Live writer do also not understand certain basic features like WordPress Featured Image functionality, post formats or sticky posts. All of this you have to fix in WordPress afterwards. Since I recently switched to a theme that relies quite a lot on both the Featured Image feature as well as sticky posts this really have become an issue.
So I decided to dump Live Writer and try something else. Unfortunately there is not really that much else that works well in terms of native Windows applications. At least not anything that I felt would be much of an improvement over Live Writer. Hence I have resorted to try to use the web-editor that WordPress provides. I did try it early on but found it lacking and prone to crash every so often. That was a few years ago so a new try might be in order.
So far I have to say that it is working quite well. It is rather minimalistic but it is doing its job for sure. You can easily set and manage the features mentioned above, it is reasonably WYSIWYG and it has a working preview functionality. Something that Live Writer never really managed very well. The spelling and grammar checker is also a tad better since it actually have limited grammar checking and not just stupid spell checking. It does not correct or flag on the fly though which is a minor drawback.

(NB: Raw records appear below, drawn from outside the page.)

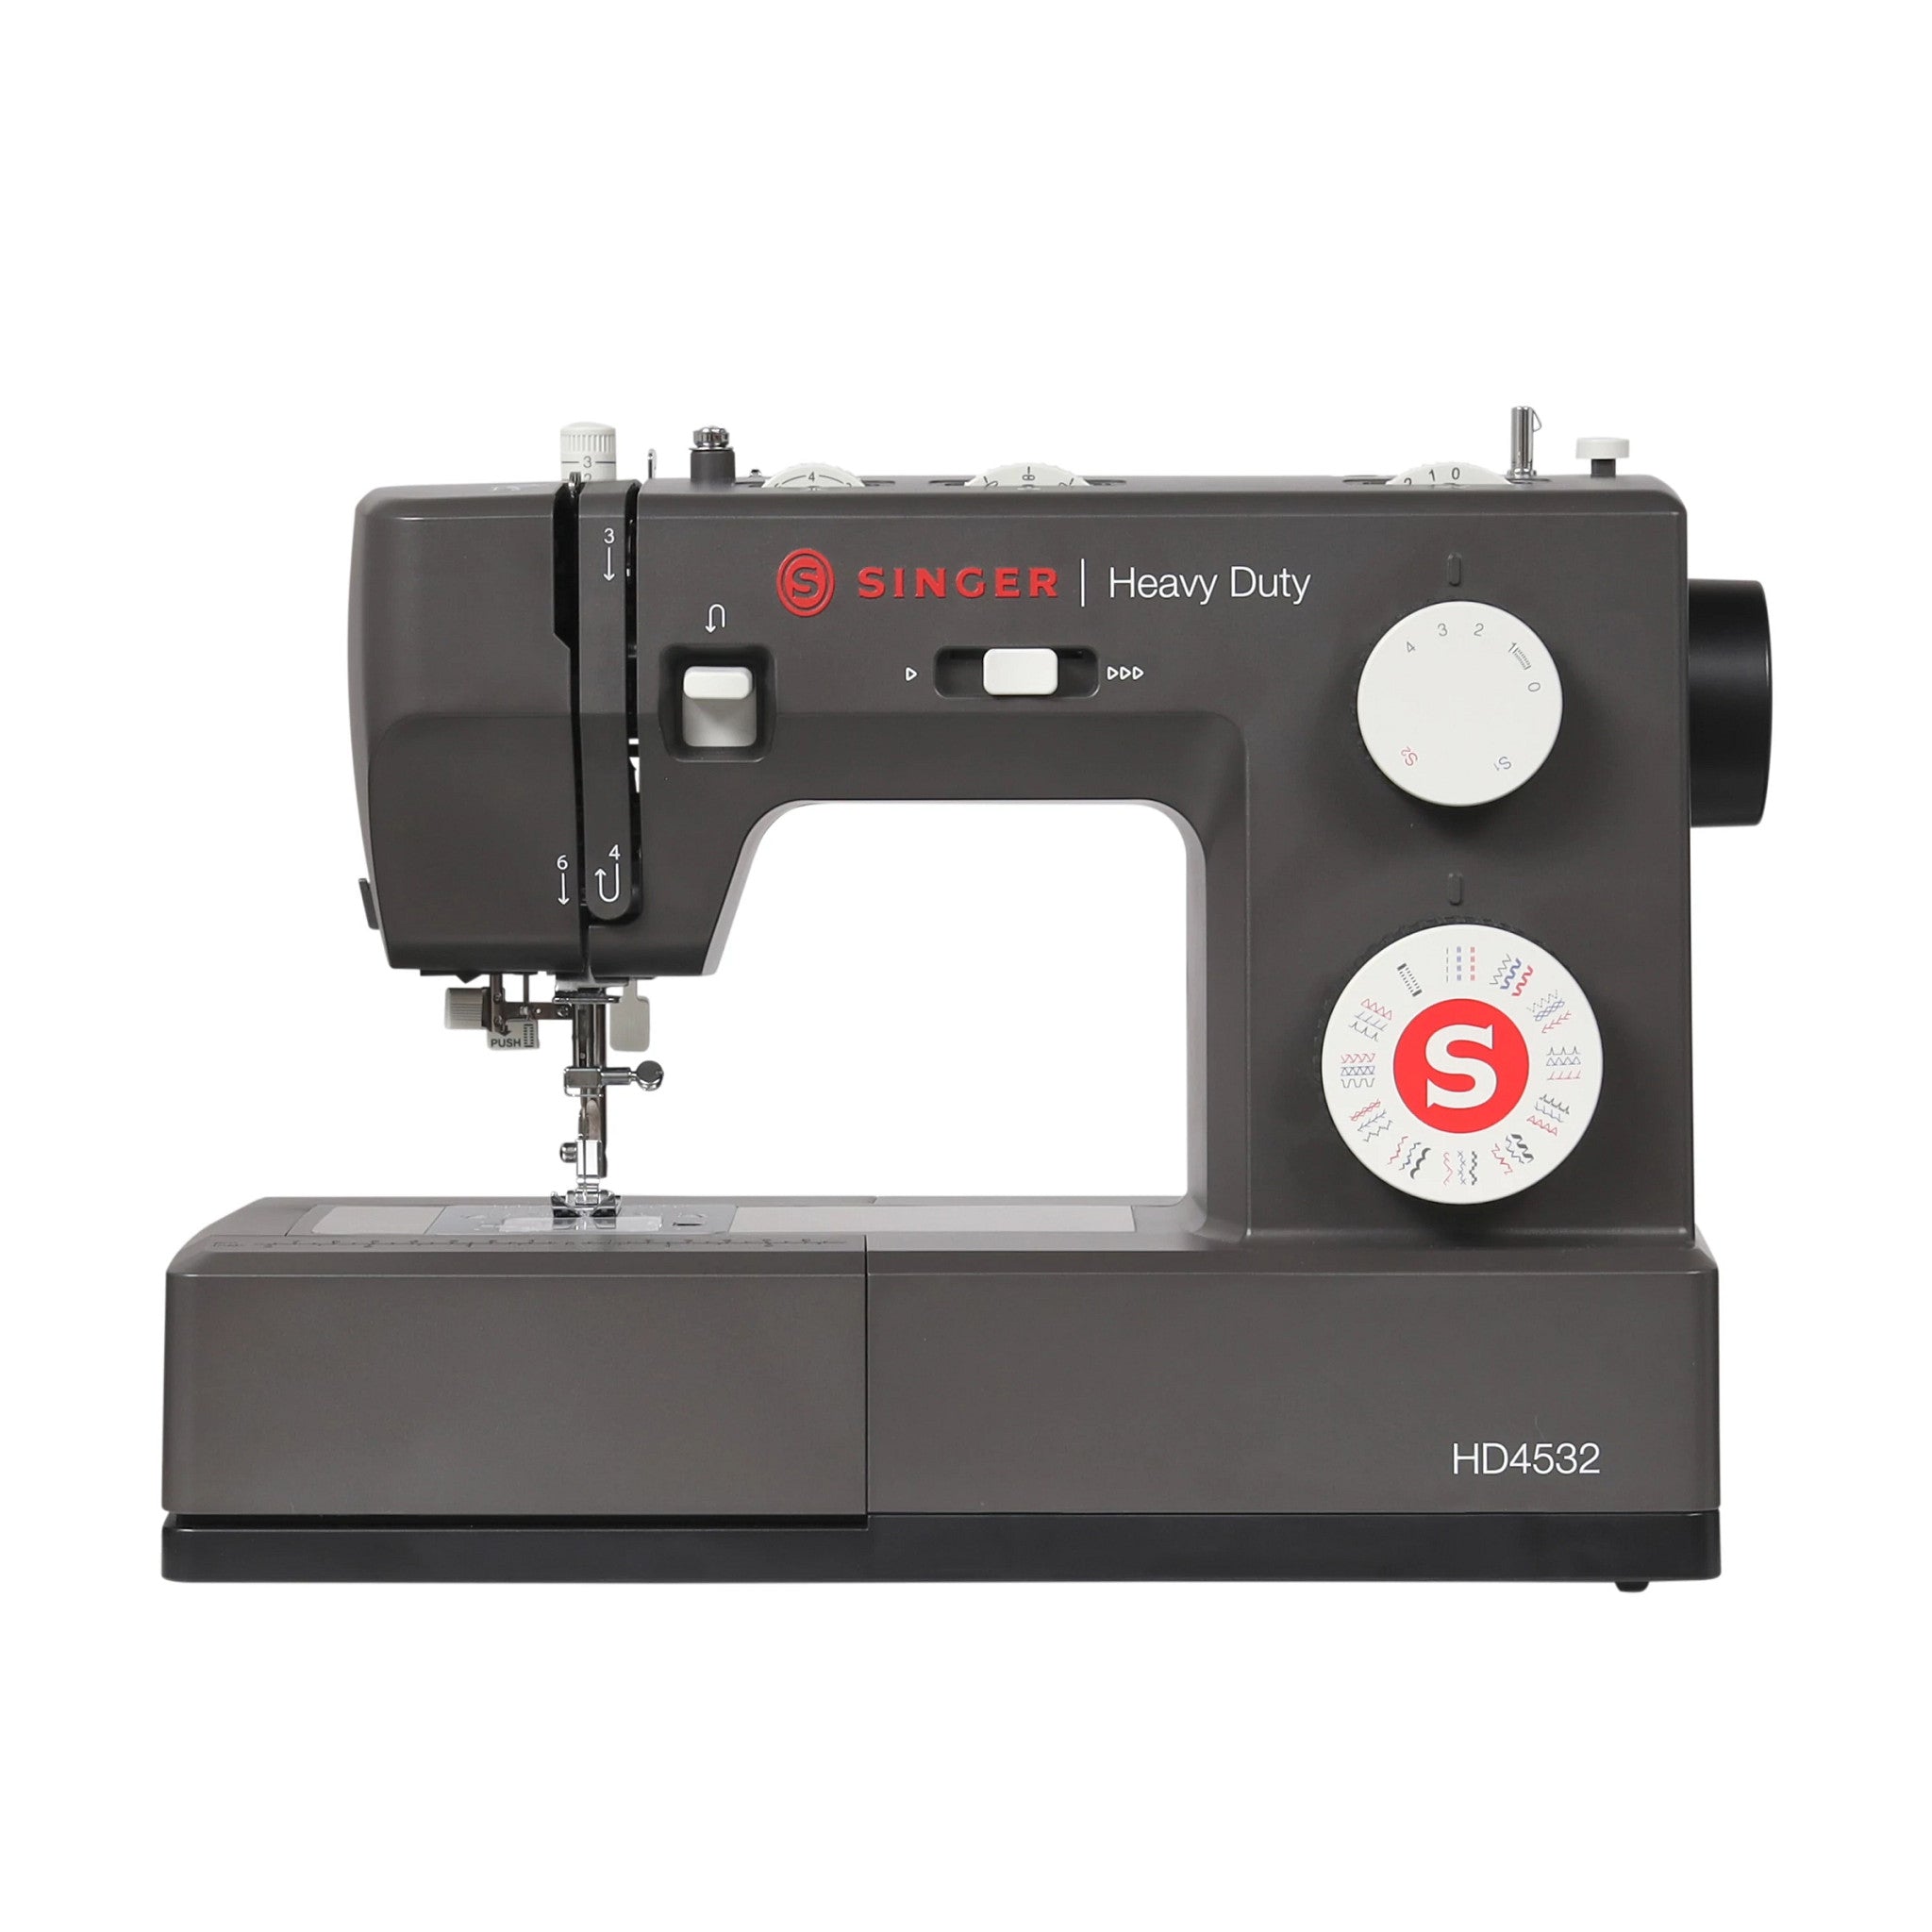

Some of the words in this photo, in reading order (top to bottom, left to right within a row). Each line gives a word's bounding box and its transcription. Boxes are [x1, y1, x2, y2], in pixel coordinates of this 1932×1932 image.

[583, 456, 591, 468] 3
[808, 472, 815, 482] 4
[1428, 469, 1435, 482] 1
[1451, 467, 1460, 480] 0
[603, 527, 615, 543] 3
[858, 566, 1058, 599] SINGER
[1109, 566, 1218, 606] Heavy
[1230, 566, 1311, 606] Duty
[1406, 641, 1416, 653] 4
[1437, 623, 1448, 637] 3
[1473, 623, 1485, 637] 2
[1527, 681, 1541, 692] 0
[608, 843, 621, 860] 4
[557, 855, 568, 871] 6
[490, 1038, 522, 1048] PUSH
[1424, 1023, 1499, 1109] S
[1453, 1442, 1601, 1475] HD4532
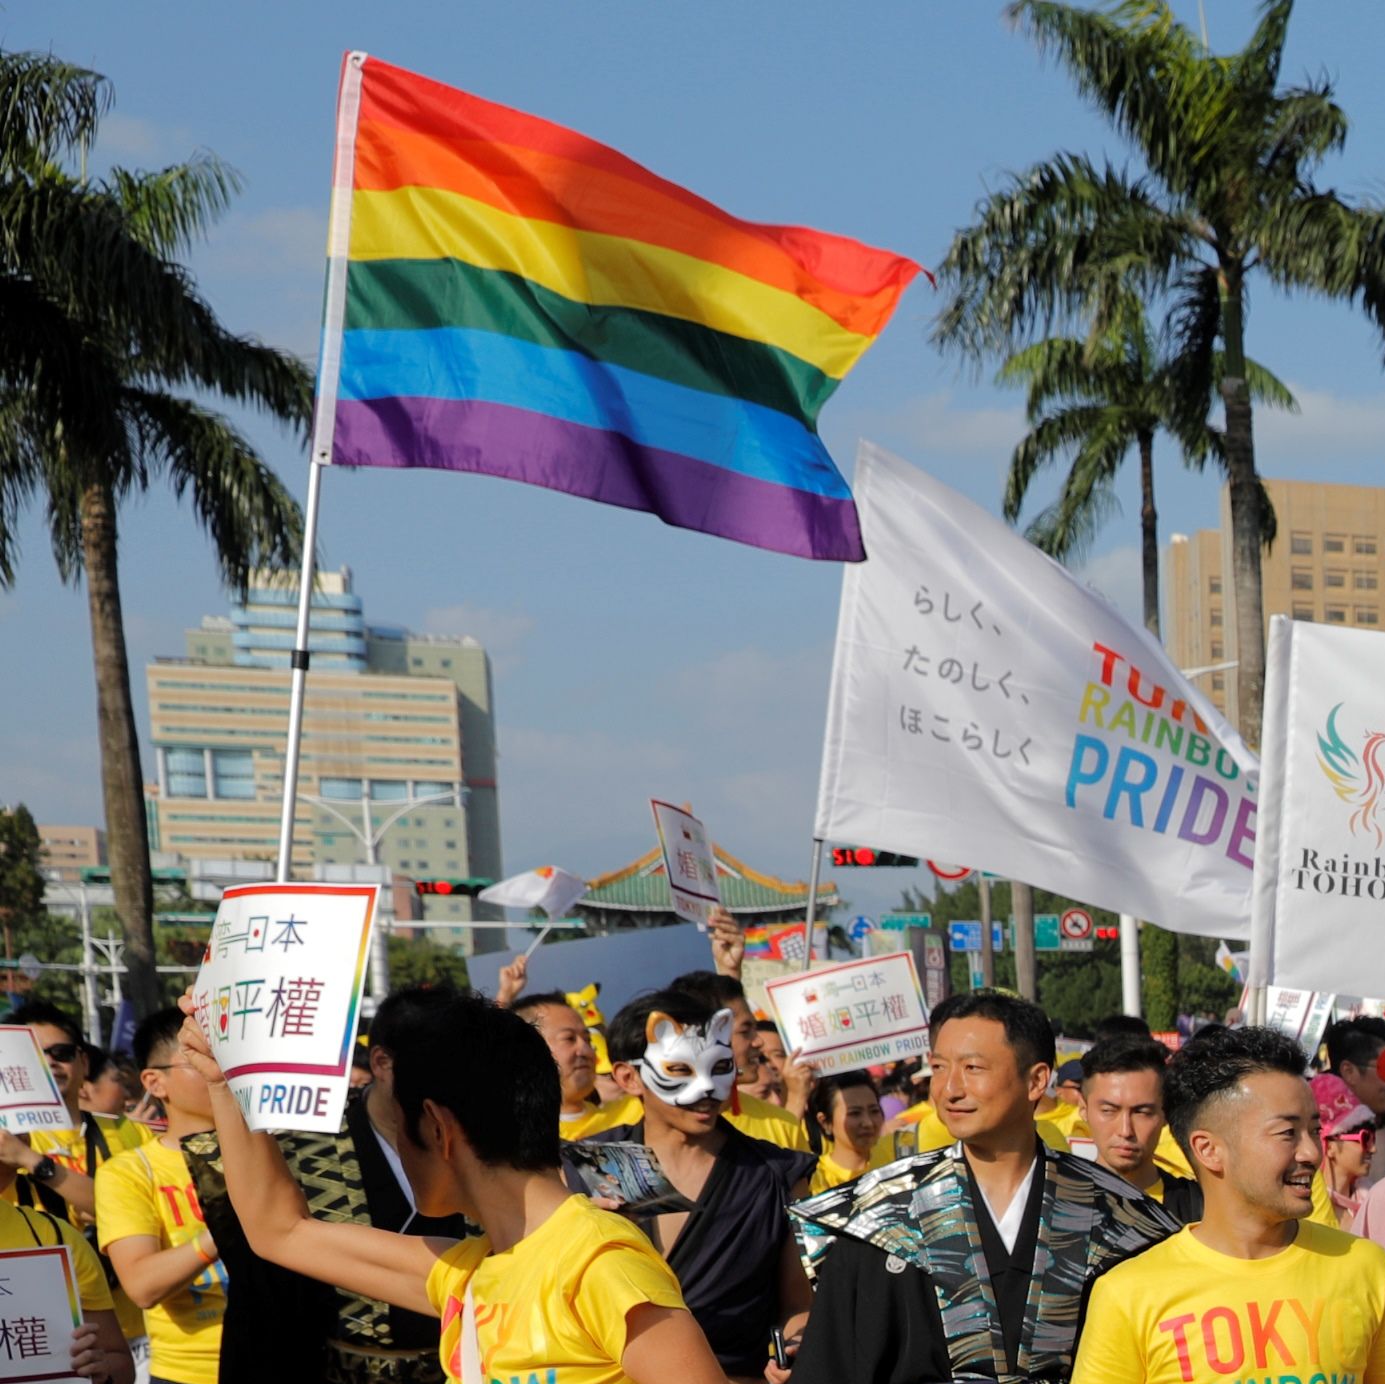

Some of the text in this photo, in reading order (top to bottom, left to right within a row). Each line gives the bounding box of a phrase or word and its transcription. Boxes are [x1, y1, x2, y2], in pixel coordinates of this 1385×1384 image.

[913, 585, 1003, 637] らしく、
[902, 644, 1031, 705] たのしく、
[899, 704, 1033, 766] ほこらしく
[1078, 680, 1256, 793] RAINBO
[1065, 733, 1259, 872] PRIDE
[840, 1043, 891, 1065] RAINBOW
[895, 1034, 930, 1053] PRIDE
[16, 1110, 64, 1126] PRIDE
[258, 1084, 331, 1117] PRIDE

Of course I did not get something without losing something. The one feature that I will miss the most is the automatic linking of certain words and phrases. It was so convenient that you could set it up so that if you, for instance, wrote CERN it would automatically link to the page I had given it for CERN. I had set it up to do so for 20-30 various words or expressions that I used frequently.
Another thing that I am missing is that Live Writer would tell me if I forgot to add categories or tags. The web-editor is also not as smooth and slick and a proper native application. Unfortunately these drawbacks were overshadowed by the growing “obsoletness” of Live Writer so it is dumped into the dustbin as from now and I will use the web-editor. At least until something better comes around.